= Nesta Toumine =

Nesta Toumine (October 28, 1912 - February 1, 1996) was a dancer, choreographer, artistic director and teacher in Canada.

She was born Nesta Williams in Thornton Heath, Croydon, England, the daughter of Alfred Edward Williams and Agnes Mary Sievers, and was educated in Ottawa. She studied ballet in Ottawa, New York City, with Nikolai Legat, Serafina Astafieva and Margaret Craske in London, in Paris and with Julia Sedova in Nice. Williams performed as Nesta Markova with the Ballets Russes de Paris and Léonide Massine's Ballet Russe de Monte Carlo.

In 1941, she married Sviatoslov Toumine.

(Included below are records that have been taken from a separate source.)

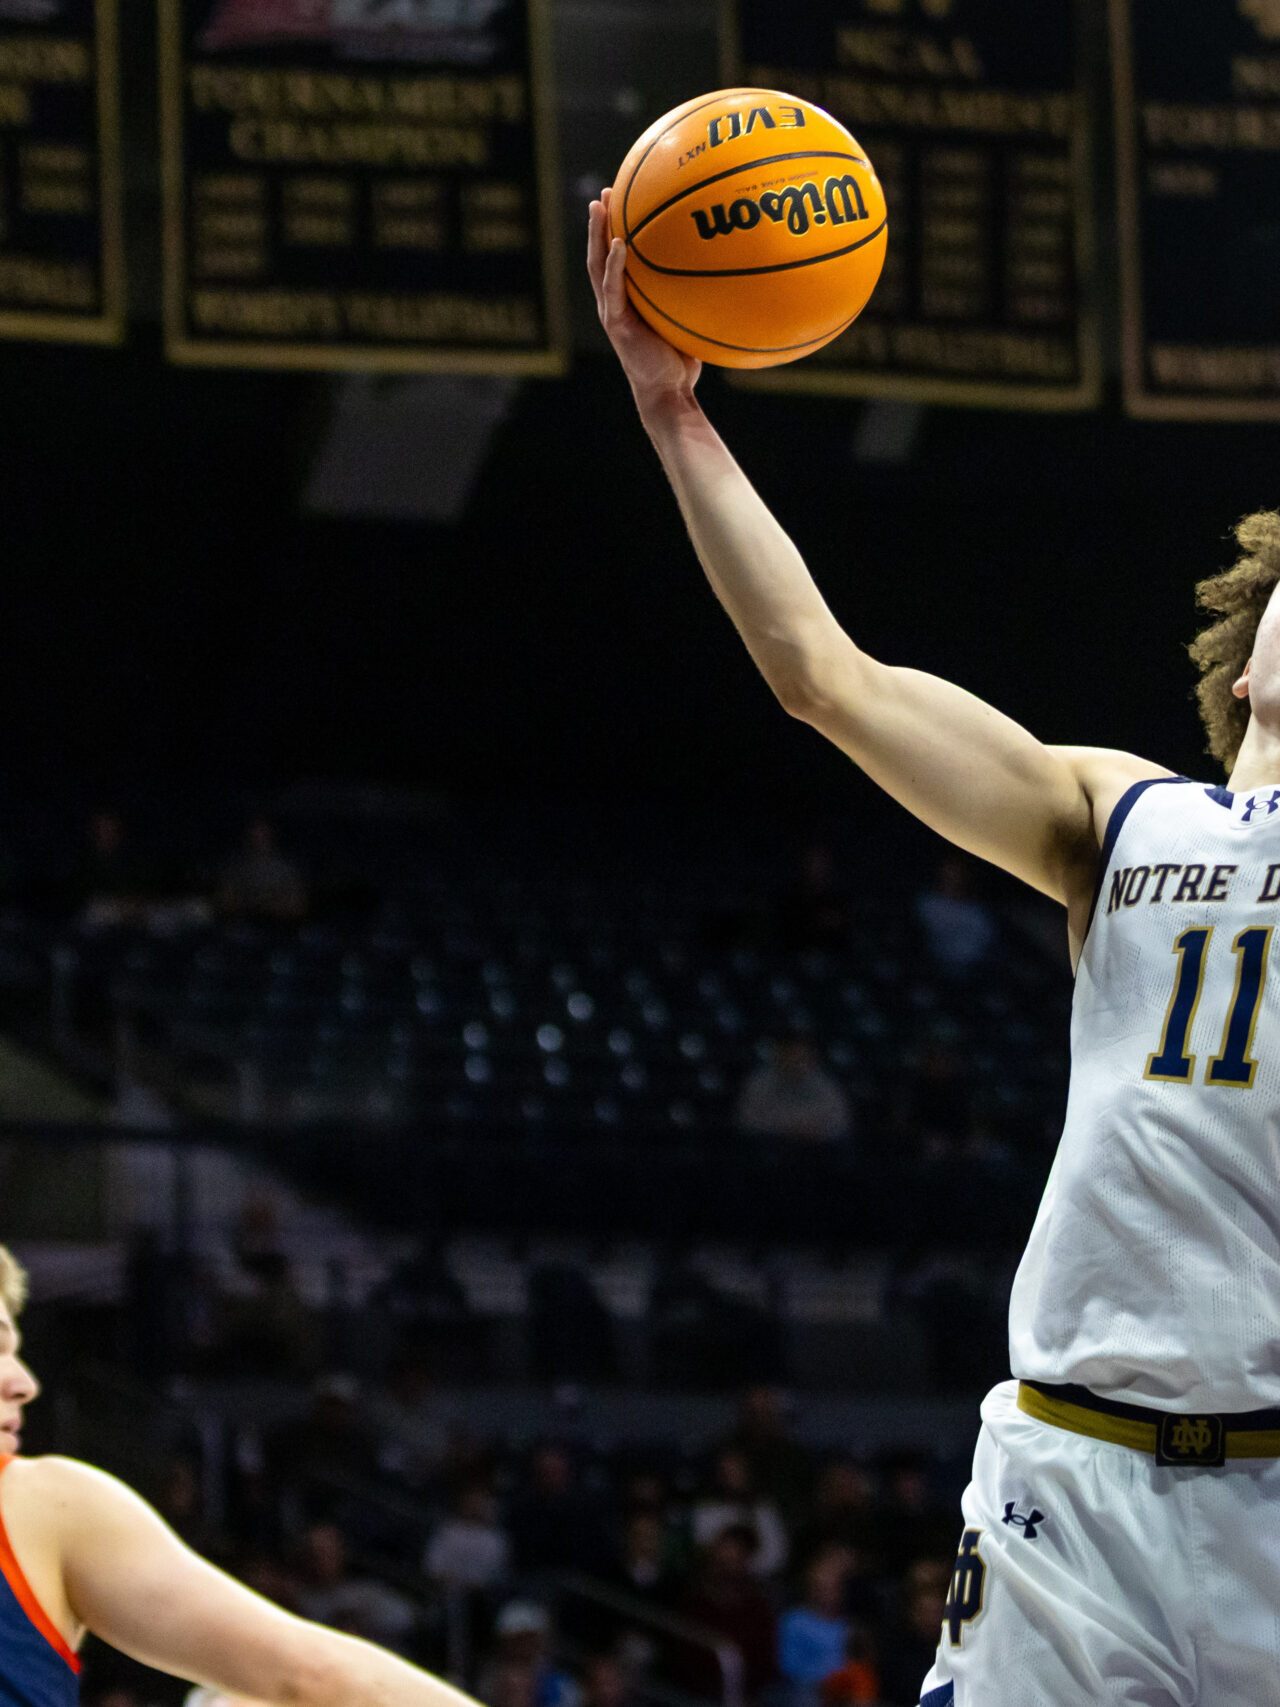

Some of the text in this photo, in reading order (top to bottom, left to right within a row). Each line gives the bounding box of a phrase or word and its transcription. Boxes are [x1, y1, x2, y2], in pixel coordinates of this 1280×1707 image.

[689, 174, 869, 241] Wilson
[1106, 863, 1239, 916] NOTRE
[1142, 925, 1275, 1089] 11
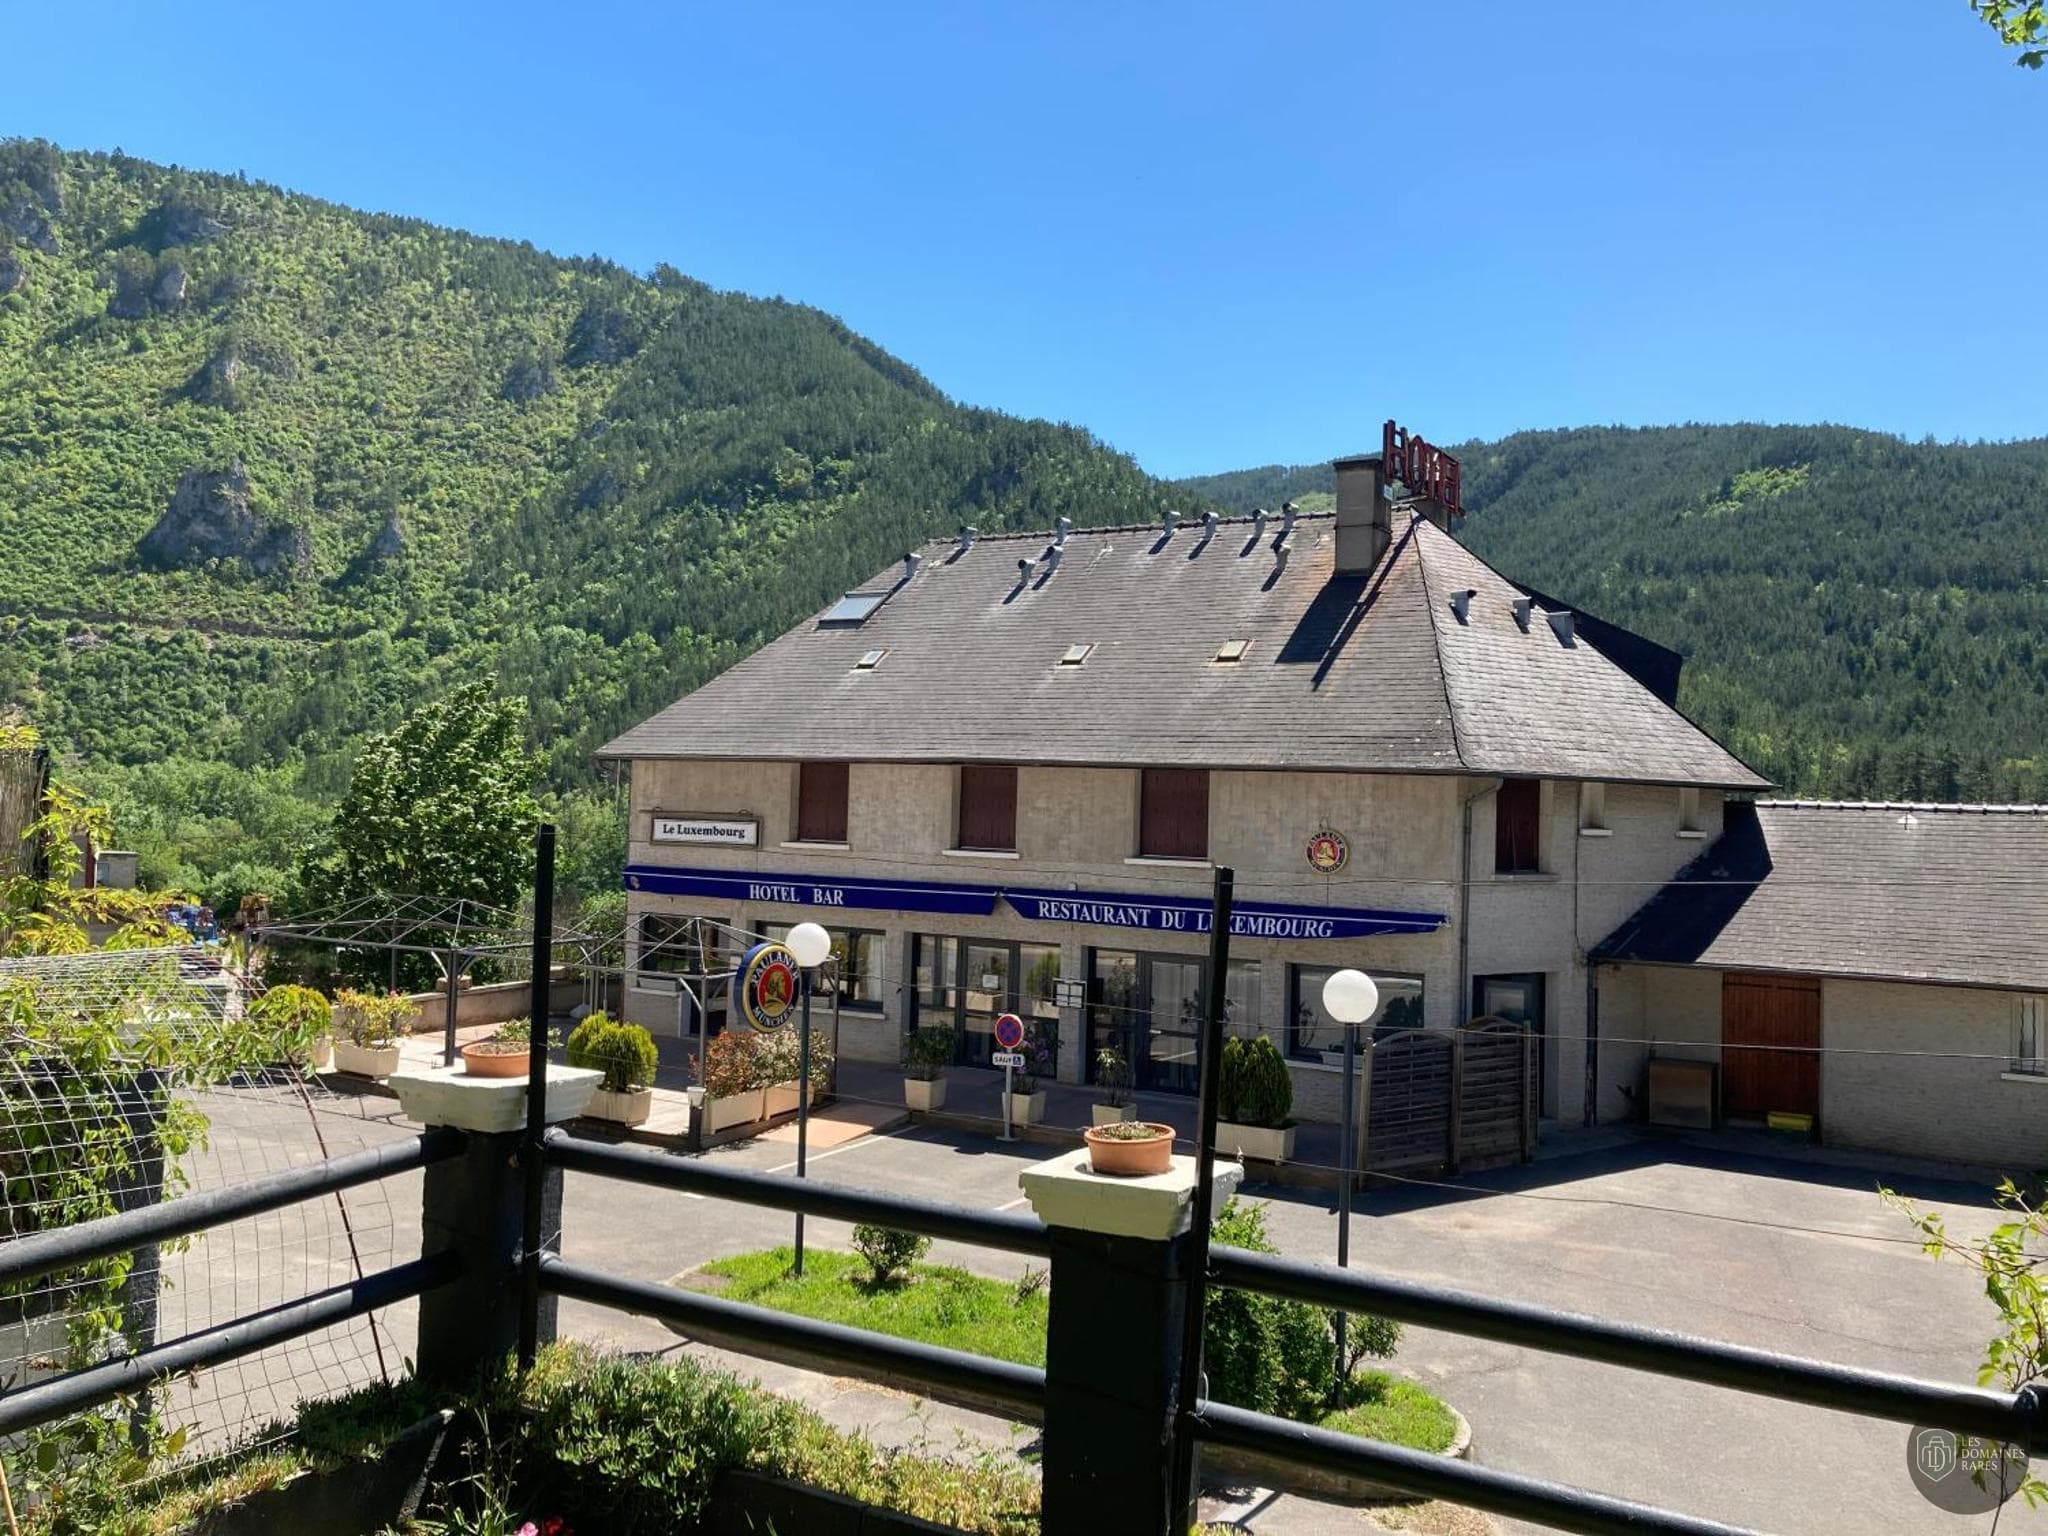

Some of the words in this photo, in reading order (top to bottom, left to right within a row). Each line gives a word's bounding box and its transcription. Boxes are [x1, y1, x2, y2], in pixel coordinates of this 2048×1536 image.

[663, 824, 675, 836] Le
[677, 824, 745, 839] Luxembourg
[749, 884, 800, 903] HOTEL
[813, 888, 844, 906] BAR
[1038, 900, 1151, 927] RESTAURANT
[1161, 911, 1186, 929] DU
[1197, 913, 1334, 938] LEMBOURG

The couple settled in New York but moved to Ottawa after the birth of their sons, Peter and Lorne.

With Yolande Leduc, Toumine founded the Ottawa Ballet Company in 1947. She taught ballet in her school in Ottawa, in Scranton, Pennsylvania and in Montreal.

Toumine died in Ottawa.

Dancers trained by Toumine include:
- David Lee Moroni, founding principal of the professional division of the Royal Winnipeg Ballet School
- David Peregrine, former principal dancer for the Royal Winnipeg Ballet

Toumine developed the choreography for a number of ballets including:
- Maria Chapdelaine
- Les Sylphides
- Les Valses
- Pas de Quatre
She also choreographed shows for the Orpheus Musical Theatre Society.

The Society of Russian Ballet established the Nesta Toumine Memorial Award in 1996.